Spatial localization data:
================
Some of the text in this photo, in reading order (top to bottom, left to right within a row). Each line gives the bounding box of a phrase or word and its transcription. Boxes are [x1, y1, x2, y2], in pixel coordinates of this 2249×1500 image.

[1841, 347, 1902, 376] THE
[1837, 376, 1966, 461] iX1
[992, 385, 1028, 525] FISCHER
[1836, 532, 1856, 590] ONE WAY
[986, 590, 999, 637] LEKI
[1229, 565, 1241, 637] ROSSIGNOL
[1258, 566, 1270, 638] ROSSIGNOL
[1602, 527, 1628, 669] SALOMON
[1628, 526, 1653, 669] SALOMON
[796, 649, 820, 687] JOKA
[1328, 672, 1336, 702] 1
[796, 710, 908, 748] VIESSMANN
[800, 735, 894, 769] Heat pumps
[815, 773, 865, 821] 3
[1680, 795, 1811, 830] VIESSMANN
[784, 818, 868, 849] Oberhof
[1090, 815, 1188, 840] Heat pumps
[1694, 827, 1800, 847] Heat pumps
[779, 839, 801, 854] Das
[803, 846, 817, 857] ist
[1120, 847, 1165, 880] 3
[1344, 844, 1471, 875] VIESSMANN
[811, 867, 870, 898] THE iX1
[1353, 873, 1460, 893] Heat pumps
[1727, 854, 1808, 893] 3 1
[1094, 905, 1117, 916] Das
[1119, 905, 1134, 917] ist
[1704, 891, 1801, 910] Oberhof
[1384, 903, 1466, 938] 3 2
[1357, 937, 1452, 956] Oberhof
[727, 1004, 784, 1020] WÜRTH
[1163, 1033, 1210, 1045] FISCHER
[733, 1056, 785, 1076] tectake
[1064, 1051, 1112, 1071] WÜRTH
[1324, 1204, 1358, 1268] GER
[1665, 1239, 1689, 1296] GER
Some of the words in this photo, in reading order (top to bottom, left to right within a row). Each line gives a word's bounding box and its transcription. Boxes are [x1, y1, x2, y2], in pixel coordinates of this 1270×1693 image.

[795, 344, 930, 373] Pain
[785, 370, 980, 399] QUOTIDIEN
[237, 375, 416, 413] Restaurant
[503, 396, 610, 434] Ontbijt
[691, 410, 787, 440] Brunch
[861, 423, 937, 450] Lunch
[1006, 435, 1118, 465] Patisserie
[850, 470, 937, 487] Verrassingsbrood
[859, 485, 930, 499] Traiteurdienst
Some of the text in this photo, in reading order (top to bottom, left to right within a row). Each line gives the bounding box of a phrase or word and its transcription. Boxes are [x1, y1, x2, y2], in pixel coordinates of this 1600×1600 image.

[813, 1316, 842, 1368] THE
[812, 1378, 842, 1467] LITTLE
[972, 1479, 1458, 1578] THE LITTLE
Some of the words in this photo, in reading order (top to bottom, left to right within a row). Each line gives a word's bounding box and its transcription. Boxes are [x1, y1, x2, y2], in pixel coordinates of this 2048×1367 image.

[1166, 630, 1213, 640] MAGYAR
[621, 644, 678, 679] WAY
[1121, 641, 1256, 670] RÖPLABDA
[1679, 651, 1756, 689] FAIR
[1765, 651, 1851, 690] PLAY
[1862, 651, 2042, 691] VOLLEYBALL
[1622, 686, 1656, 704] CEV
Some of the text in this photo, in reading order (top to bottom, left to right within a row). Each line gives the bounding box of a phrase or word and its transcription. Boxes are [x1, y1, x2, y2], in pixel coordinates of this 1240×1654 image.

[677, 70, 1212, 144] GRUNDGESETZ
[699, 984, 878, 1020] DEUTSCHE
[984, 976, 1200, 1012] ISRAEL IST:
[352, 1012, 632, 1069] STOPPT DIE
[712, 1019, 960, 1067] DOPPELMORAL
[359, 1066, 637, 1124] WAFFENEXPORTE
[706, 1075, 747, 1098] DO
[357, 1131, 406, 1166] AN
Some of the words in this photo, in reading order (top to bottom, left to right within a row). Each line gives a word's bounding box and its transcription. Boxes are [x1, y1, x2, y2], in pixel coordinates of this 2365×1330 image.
================
Would you return each entry exactly as it reads?

Answer space:
Some of the text in this photo, in reading order (top to bottom, left to right within a row). Each line gives the bounding box of a phrase or word and its transcription. Boxes are [x1, y1, x2, y2], in pixel coordinates of this 2249×1500 image.

[1841, 347, 1902, 376] THE
[1837, 376, 1966, 461] iX1
[992, 385, 1028, 525] FISCHER
[1836, 532, 1856, 590] ONE WAY
[986, 590, 999, 637] LEKI
[1229, 565, 1241, 637] ROSSIGNOL
[1258, 566, 1270, 638] ROSSIGNOL
[1602, 527, 1628, 669] SALOMON
[1628, 526, 1653, 669] SALOMON
[796, 649, 820, 687] JOKA
[1328, 672, 1336, 702] 1
[796, 710, 908, 748] VIESSMANN
[800, 735, 894, 769] Heat pumps
[815, 773, 865, 821] 3
[1680, 795, 1811, 830] VIESSMANN
[784, 818, 868, 849] Oberhof
[1090, 815, 1188, 840] Heat pumps
[1694, 827, 1800, 847] Heat pumps
[779, 839, 801, 854] Das
[803, 846, 817, 857] ist
[1120, 847, 1165, 880] 3
[1344, 844, 1471, 875] VIESSMANN
[811, 867, 870, 898] THE iX1
[1353, 873, 1460, 893] Heat pumps
[1727, 854, 1808, 893] 3 1
[1094, 905, 1117, 916] Das
[1119, 905, 1134, 917] ist
[1704, 891, 1801, 910] Oberhof
[1384, 903, 1466, 938] 3 2
[1357, 937, 1452, 956] Oberhof
[727, 1004, 784, 1020] WÜRTH
[1163, 1033, 1210, 1045] FISCHER
[733, 1056, 785, 1076] tectake
[1064, 1051, 1112, 1071] WÜRTH
[1324, 1204, 1358, 1268] GER
[1665, 1239, 1689, 1296] GER
Some of the words in this photo, in reading order (top to bottom, left to right within a row). Each line gives a word's bounding box and its transcription. Boxes are [x1, y1, x2, y2], in pixel coordinates of this 1270×1693 image.

[795, 344, 930, 373] Pain
[785, 370, 980, 399] QUOTIDIEN
[237, 375, 416, 413] Restaurant
[503, 396, 610, 434] Ontbijt
[691, 410, 787, 440] Brunch
[861, 423, 937, 450] Lunch
[1006, 435, 1118, 465] Patisserie
[850, 470, 937, 487] Verrassingsbrood
[859, 485, 930, 499] Traiteurdienst
Some of the text in this photo, in reading order (top to bottom, left to right within a row). Each line gives the bounding box of a phrase or word and its transcription. Boxes are [x1, y1, x2, y2], in pixel coordinates of this 1600×1600 image.

[813, 1316, 842, 1368] THE
[812, 1378, 842, 1467] LITTLE
[972, 1479, 1458, 1578] THE LITTLE
Some of the words in this photo, in reading order (top to bottom, left to right within a row). Each line gives a word's bounding box and its transcription. Boxes are [x1, y1, x2, y2], in pixel coordinates of this 2048×1367 image.

[1166, 630, 1213, 640] MAGYAR
[621, 644, 678, 679] WAY
[1121, 641, 1256, 670] RÖPLABDA
[1679, 651, 1756, 689] FAIR
[1765, 651, 1851, 690] PLAY
[1862, 651, 2042, 691] VOLLEYBALL
[1622, 686, 1656, 704] CEV
Some of the text in this photo, in reading order (top to bottom, left to right within a row). Each line gives the bounding box of a phrase or word and its transcription. Boxes are [x1, y1, x2, y2], in pixel coordinates of this 1240×1654 image.

[677, 70, 1212, 144] GRUNDGESETZ
[699, 984, 878, 1020] DEUTSCHE
[984, 976, 1200, 1012] ISRAEL IST:
[352, 1012, 632, 1069] STOPPT DIE
[712, 1019, 960, 1067] DOPPELMORAL
[359, 1066, 637, 1124] WAFFENEXPORTE
[706, 1075, 747, 1098] DO
[357, 1131, 406, 1166] AN
Some of the words in this photo, in reading order (top to bottom, left to right within a row). Each line gives a word's bounding box and its transcription. Boxes are [x1, y1, x2, y2], in pixel coordinates of this 2365×1330 image.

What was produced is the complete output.